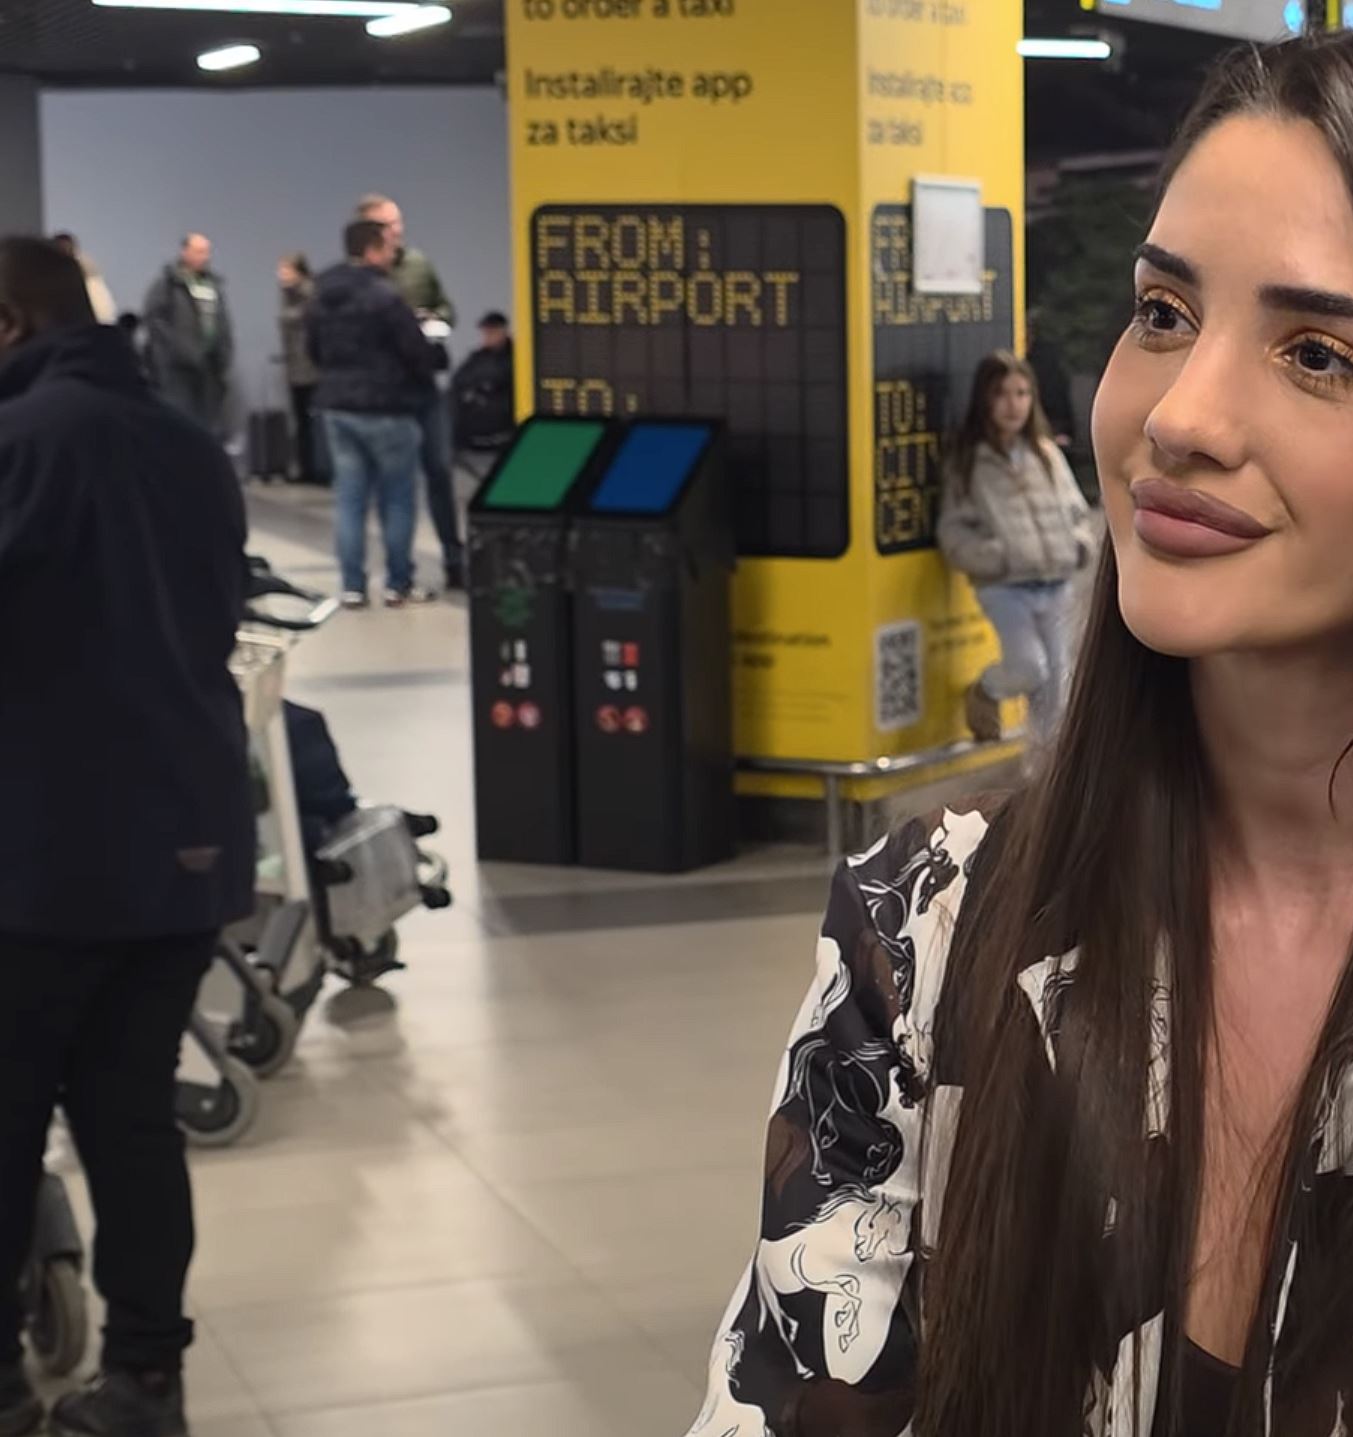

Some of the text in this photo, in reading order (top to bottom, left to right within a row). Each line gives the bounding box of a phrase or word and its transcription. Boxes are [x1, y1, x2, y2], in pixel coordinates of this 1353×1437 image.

[524, 0, 556, 20] to
[561, 0, 641, 19] order
[652, 0, 671, 18] a
[525, 69, 753, 106] Instalirajte app
[527, 115, 638, 146] za taksi
[538, 269, 800, 326] AIRPORT
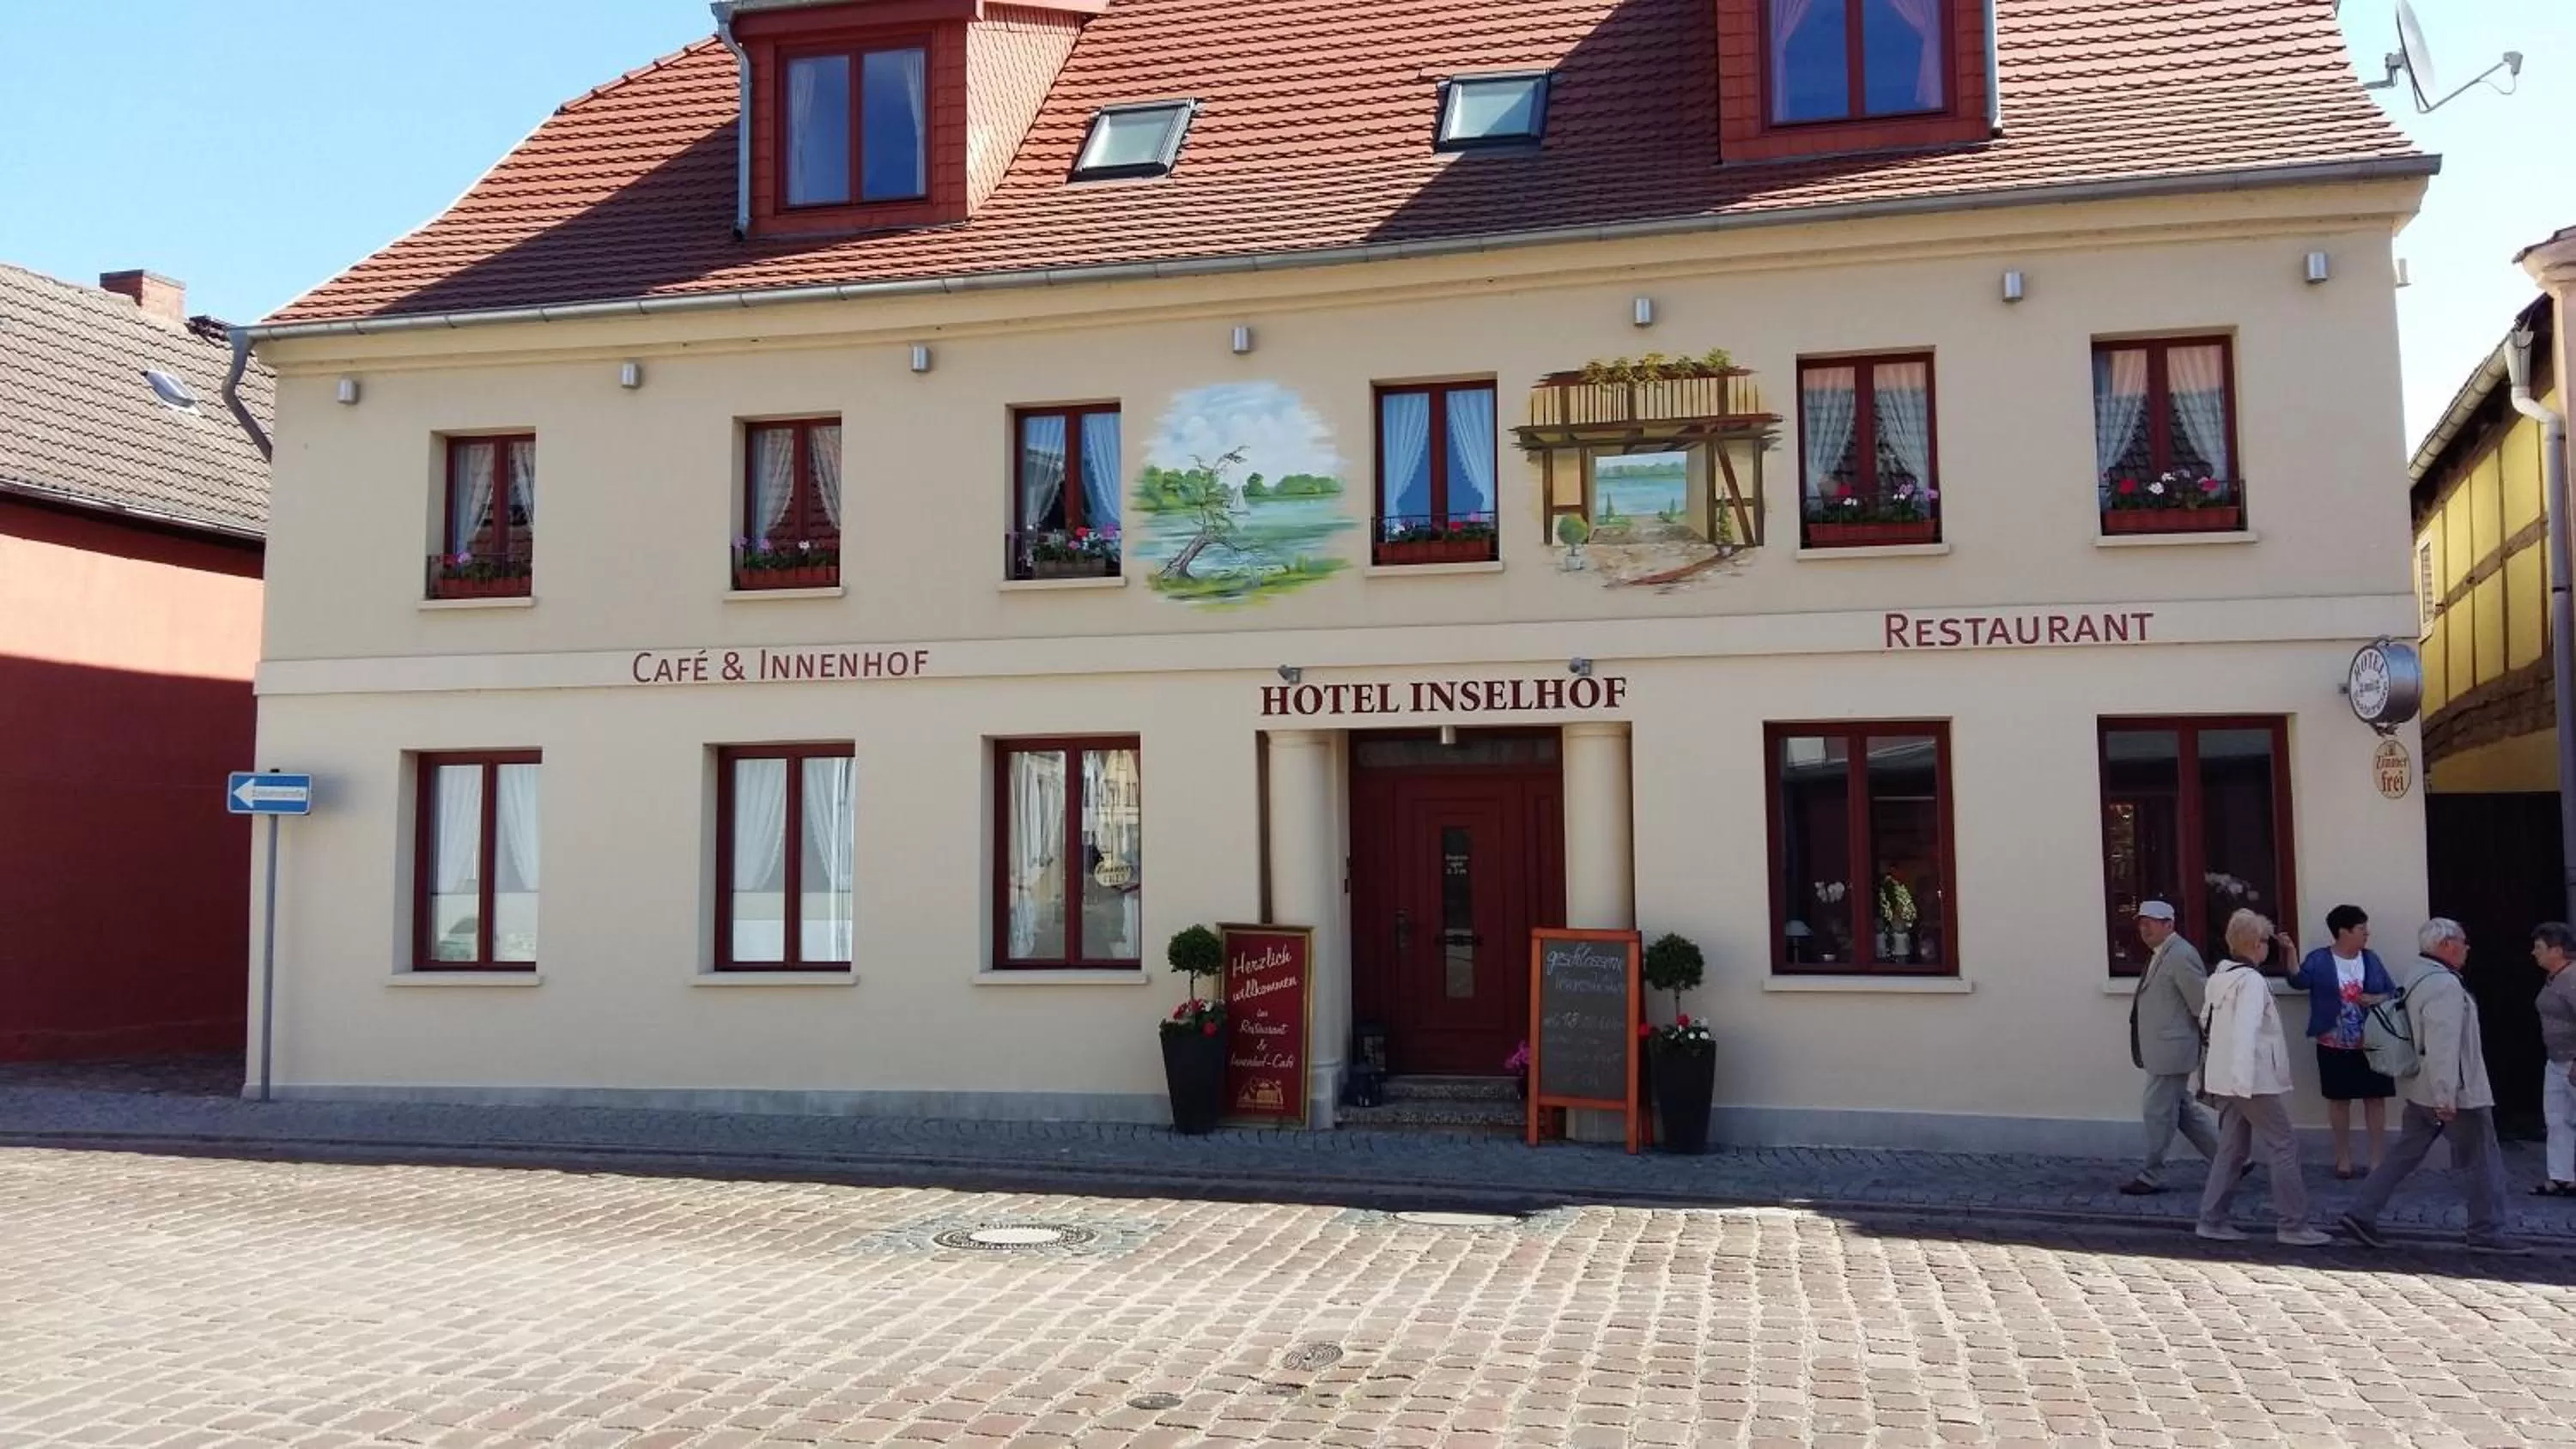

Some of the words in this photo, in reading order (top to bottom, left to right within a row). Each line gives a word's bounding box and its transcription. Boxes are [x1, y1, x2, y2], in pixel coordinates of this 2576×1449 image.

**Instructions for the task**
From the first line to the last, write out the data above exactly. Omit the pictures.

**Expected answer**
Some of the text in this photo, in reading order (top to bottom, left to right within a row). Each line gives the bounding box of a phrase or word and its transcription. Boxes are [x1, y1, x2, y2], in pixel coordinates of this 1353×1437 image.

[524, 0, 556, 20] to
[561, 0, 641, 19] order
[652, 0, 671, 18] a
[525, 69, 753, 106] Instalirajte app
[527, 115, 638, 146] za taksi
[538, 269, 800, 326] AIRPORT

Some of the words in this photo, in reading order (top to bottom, left to right within a row). Each line gives a word's bounding box and its transcription. Boxes are [x1, y1, x2, y2], in pixel coordinates of this 2576×1449 image.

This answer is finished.